Mata Hari is a woman whose very essence is nebulous, and to attempt to tie down a credible portrait of this capricious character, dovetailing vulnerability with cupidity… that is no mean feat.

Tina for the TripFiction Team

Over to Michelle who has kindly agreed to answer our questions:

TF: Mata Hari is a character of smoke and mirrors. To get hold of the real person seems an impossible task. How much did you rely on fact and how much did you interweave fiction to make this perhaps an even more compelling story?

MM: I went to memoirs and biographies to try to find the real Mata Hari, whose name was actually Margaretha Zelle. And it was through newspapers and information in the press that the fictitious Mata Hari emerged. I tried to present both sides to the reader along with reasons why Mata Hari would so consistently invent new lives for herself. Both the imaginary Mata Hari and the real Margaretha Zelle were fascinating to me.

TF: Mata Hari’s father deserts her as a child, she is abandoned by her first real love, she endures an abusive marriage…. all these factors may have contributed to the development of what seems to be a narcissistic personality disorder – how did you personally relate to this woman with such a capricious personality?

MM: Honestly, I couldn’t. But I’ve known quite a few narcissists in my life and many are very charming. You’d never ever want to date or marry one though.

TF:  She beds many men, yet has quite childlike qualities searching almost for a father-figure in her partners. Her innocence and self pre-occupation seemed to lead to her ultimate downfall. I was very sad as the last few chapters unfolded. What was it like writing those for you?

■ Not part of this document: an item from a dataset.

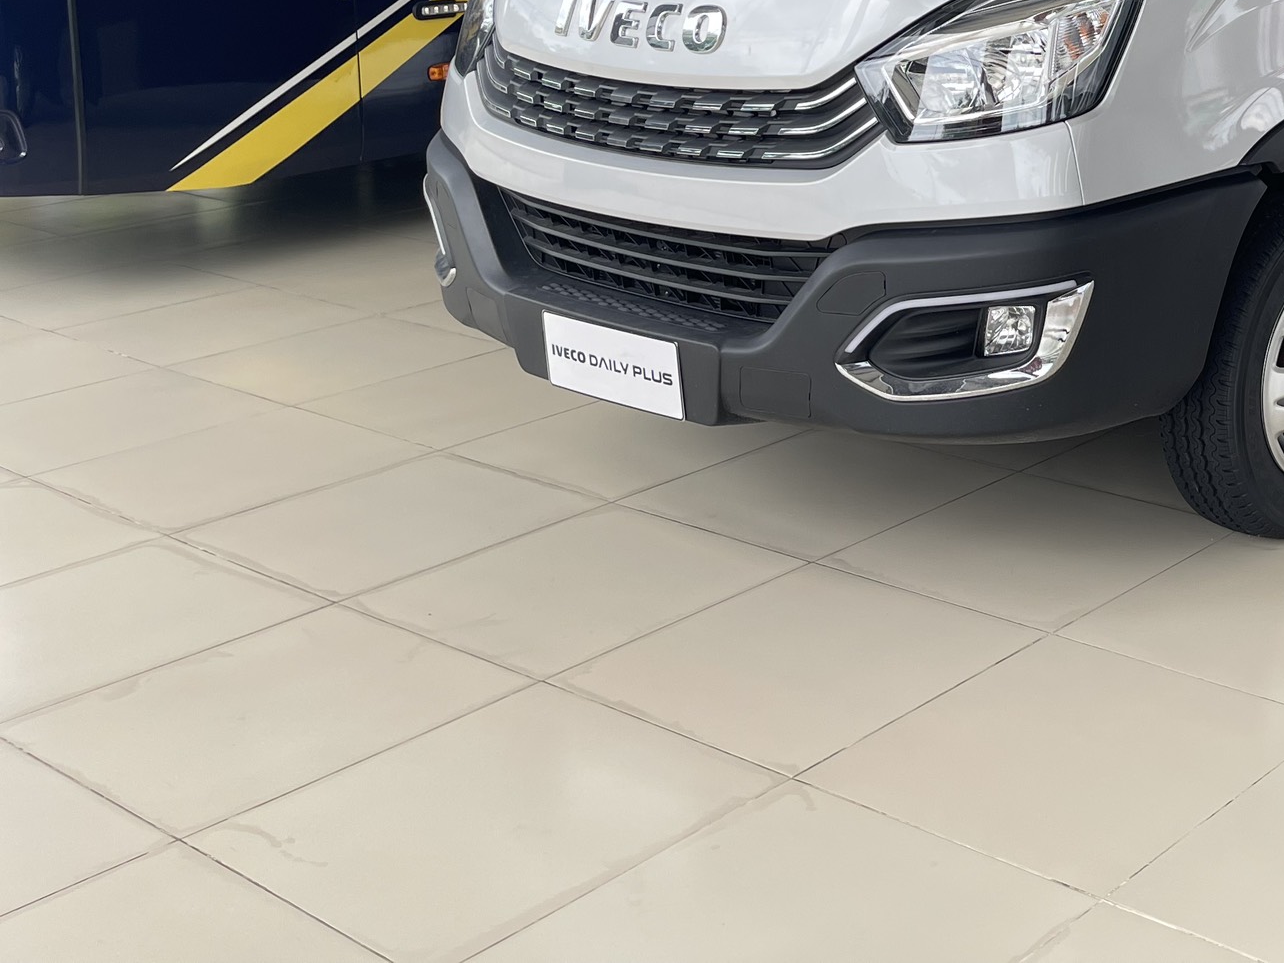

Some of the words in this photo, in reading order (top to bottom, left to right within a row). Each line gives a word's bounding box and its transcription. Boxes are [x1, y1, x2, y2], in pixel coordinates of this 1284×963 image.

MM: Incredibly challenging. Sometimes, I’d just want to take her by the shoulders and give her a hard shake. But that was what attracted me to her character in the first place. I wasn’t incredibly interested in her dancing or her extravagant lifestyle, but her emotional arc was fascinating to me. What was it like to go from such a privileged and carefree upbringing to total poverty, then back again to tremendous wealth? How did she handle it? Was this why she couldn’t seem to make any relationship stick? What would make an eighteen year-old woman answer an ad for marriage in a newspaper and then give herself to a man twenty years her senior? Desperation, obviously, but what else? I try to cover all of that. It’s a short book. Less than 300 pages, but I didn’t feel I needed much more than that to tell her real story, the story of Margaretha Zelle.

TF: Do you tend to plan your books in advance or do you let the plot develop as you write?

MM: I plot each chapter out in advance. Since I write historical fiction and it’s based on someone’s life, however, in many ways the outline is already there for me.

TF: The cover is once again a triumph. How much input do you tend to have in the cover design for your books?

MM: I love this cover! Simon & Schuster did such a fabulous job. Authors don’t often get much say about their covers. Simon & Schuster has always come through for me though!

TF: What is next for you both in terms of travel and writing?

MM: I haven’t formally announced my next book, so I can’t really talk about it except it say that I’m completely in love with the subject matter! I’ll be traveling to Canada next, and after that, probably Europe.